無性に哀しいホラー作品
ホラー小説を読むときや、ホラー映画を観るときは、恐怖に備えて覚悟を決める。怖がらせるのが目的の物語だから。
だけど歴史的に有名なホラー小説を読んで、恐怖を感じることはまったくなかった。その代わり、ひたすら哀しみを覚える内容だった。
2022年 読書#99
『フランケンシュタイン』メアリー・シェリー著という小説。名前だけは誰もが知っているフランケンシュタイン。ボクの世代なら『怪物くん』という漫画で主人公に仕えていたドラキュラ、狼男、そしてフランケンシュタインの3人のアニメキャラが頭に浮かぶと思う。
ところがこの小説が出版されたのは1818年。日本の江戸時代に世に出た作品で、当時は匿名だった。シェリーの夫である詩人のパーシー・ビッシュ・シェリーが序文を書いたことで、彼の作品だと思われていた。でもその時代は女性作家が容認されていなかったからそうなっただけ。
夫の死後、本当の著者であるメアリーの名前と序文が追加されて重版されている。この翻訳本には、それらの序文がどちらも収録されていた。ボクがメアリーに興味を持ったのはスティーブン・キングの書いたホラー解説本が最初。
そしてその後『メアリーの総て』という映画を観て、メアリーを演じていたエル・ファニングの演技に感動。だから近いうちにこの作品を読もうと思っていた。ホラー作品のつもりで読んだのに、最初に書いたようにとても切なく、哀しい物語だった。
文学作品としての側面も強く、とても素晴らしい小説だと思う。なんとなくストーリーを知っていたけれど、まさかこれほど哀しい物語だったとは。この小説を読んで、まず現代人が大きな誤解をしていることに気づいた。
人造人間である怪物を指して、一般的にはフランケンシュタインと呼んでいる。そしてその意図でいくつも映画が作られている。だけど原作において、この怪物に名前はない。怪物を作ったのが、まだ若い天才学生のヴィクター・フランケンシュタインという人物。
ヴィクターは怪物のことを、悪魔だとか悪鬼だと呼んでいた。名前をつけて慈しんだ形跡はない。この物語の悲劇はそこにある。
有名な物語なので詳細は省く。この作品が恐怖ではなく哀しみを誘うのは、まず怪物の知能がヴィクター並みに優秀で、心優しい感性豊なキャラだったということ。だけど見かけが怪物ゆえ、誰からも相手にしてもらえない。
ヴィクターの実験室から脱走して、ある家族の納屋に隠れて過ごす。そこで言葉を学び、芸術等についての理解も得た。だけど孤独だった怪物は、その家族との接触を悩みつつも決行する。もちろん受け入れられることなく、怪物として攻撃される。
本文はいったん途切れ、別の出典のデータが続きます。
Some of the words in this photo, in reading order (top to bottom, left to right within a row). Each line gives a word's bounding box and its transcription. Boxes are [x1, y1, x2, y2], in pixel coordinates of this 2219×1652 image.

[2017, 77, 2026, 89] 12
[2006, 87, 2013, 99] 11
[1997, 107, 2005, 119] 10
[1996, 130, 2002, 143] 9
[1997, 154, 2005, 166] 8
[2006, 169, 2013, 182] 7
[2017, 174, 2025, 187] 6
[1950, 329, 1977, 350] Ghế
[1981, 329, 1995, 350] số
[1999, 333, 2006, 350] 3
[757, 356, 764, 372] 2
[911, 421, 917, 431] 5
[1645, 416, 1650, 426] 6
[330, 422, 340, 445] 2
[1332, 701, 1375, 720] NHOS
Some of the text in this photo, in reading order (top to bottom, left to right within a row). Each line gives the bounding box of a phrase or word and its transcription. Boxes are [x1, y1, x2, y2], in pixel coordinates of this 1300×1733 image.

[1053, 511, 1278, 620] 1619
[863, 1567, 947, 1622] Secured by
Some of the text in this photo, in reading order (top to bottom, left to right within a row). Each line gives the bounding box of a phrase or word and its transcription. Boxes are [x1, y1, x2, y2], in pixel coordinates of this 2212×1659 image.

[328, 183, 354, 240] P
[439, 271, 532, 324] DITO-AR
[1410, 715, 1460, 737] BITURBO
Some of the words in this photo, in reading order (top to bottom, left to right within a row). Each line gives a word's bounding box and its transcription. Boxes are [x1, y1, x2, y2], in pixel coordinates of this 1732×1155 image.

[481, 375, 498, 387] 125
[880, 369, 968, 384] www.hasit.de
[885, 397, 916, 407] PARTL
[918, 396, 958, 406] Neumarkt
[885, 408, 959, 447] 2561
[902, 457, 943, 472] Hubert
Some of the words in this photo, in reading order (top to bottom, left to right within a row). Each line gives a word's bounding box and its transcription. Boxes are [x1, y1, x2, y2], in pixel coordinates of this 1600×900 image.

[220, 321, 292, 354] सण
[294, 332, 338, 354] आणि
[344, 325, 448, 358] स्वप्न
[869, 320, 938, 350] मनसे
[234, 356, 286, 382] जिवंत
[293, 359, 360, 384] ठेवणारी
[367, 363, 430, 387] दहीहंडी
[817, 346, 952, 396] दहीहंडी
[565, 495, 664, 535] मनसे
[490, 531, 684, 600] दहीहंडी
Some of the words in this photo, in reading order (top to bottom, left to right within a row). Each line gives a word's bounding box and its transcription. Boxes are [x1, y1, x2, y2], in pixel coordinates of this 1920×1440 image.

この深い孤独ゆえ、怪物は自分を作ったヴィクターを憎んだ。そしてヴィクターも自分の行為に絶望していて、怪物をこの世から消したいと思っていた。怪物がヴィクターに望んだのはたったひとつ。自分と同じ女性の怪物を作ってほしい。そうすれば人里離れた場所でこっそり二人で暮らすと言った。
ところが同じ過ちを繰り返したくないヴィクターはその申し入れを拒否。結果としてヴィクターの弟、親友、そして結婚したばかりの新妻までが怪物に殺されてしまう。そこでヴィクターは復讐を誓って怪物を追いかけるが、その目的を果たせないまま病没してしまうという結末。
生命を創造してしまったというヴィクターの罪悪感。そして耐え難い孤独という地獄の苦しみから解放されたい怪物の想い。それらが複雑に絡み合って、とても切ない物語となっていく。こんなすごい作品を、19世紀の女性が書いたことに驚く。心に残るとても素晴らしい物語だった。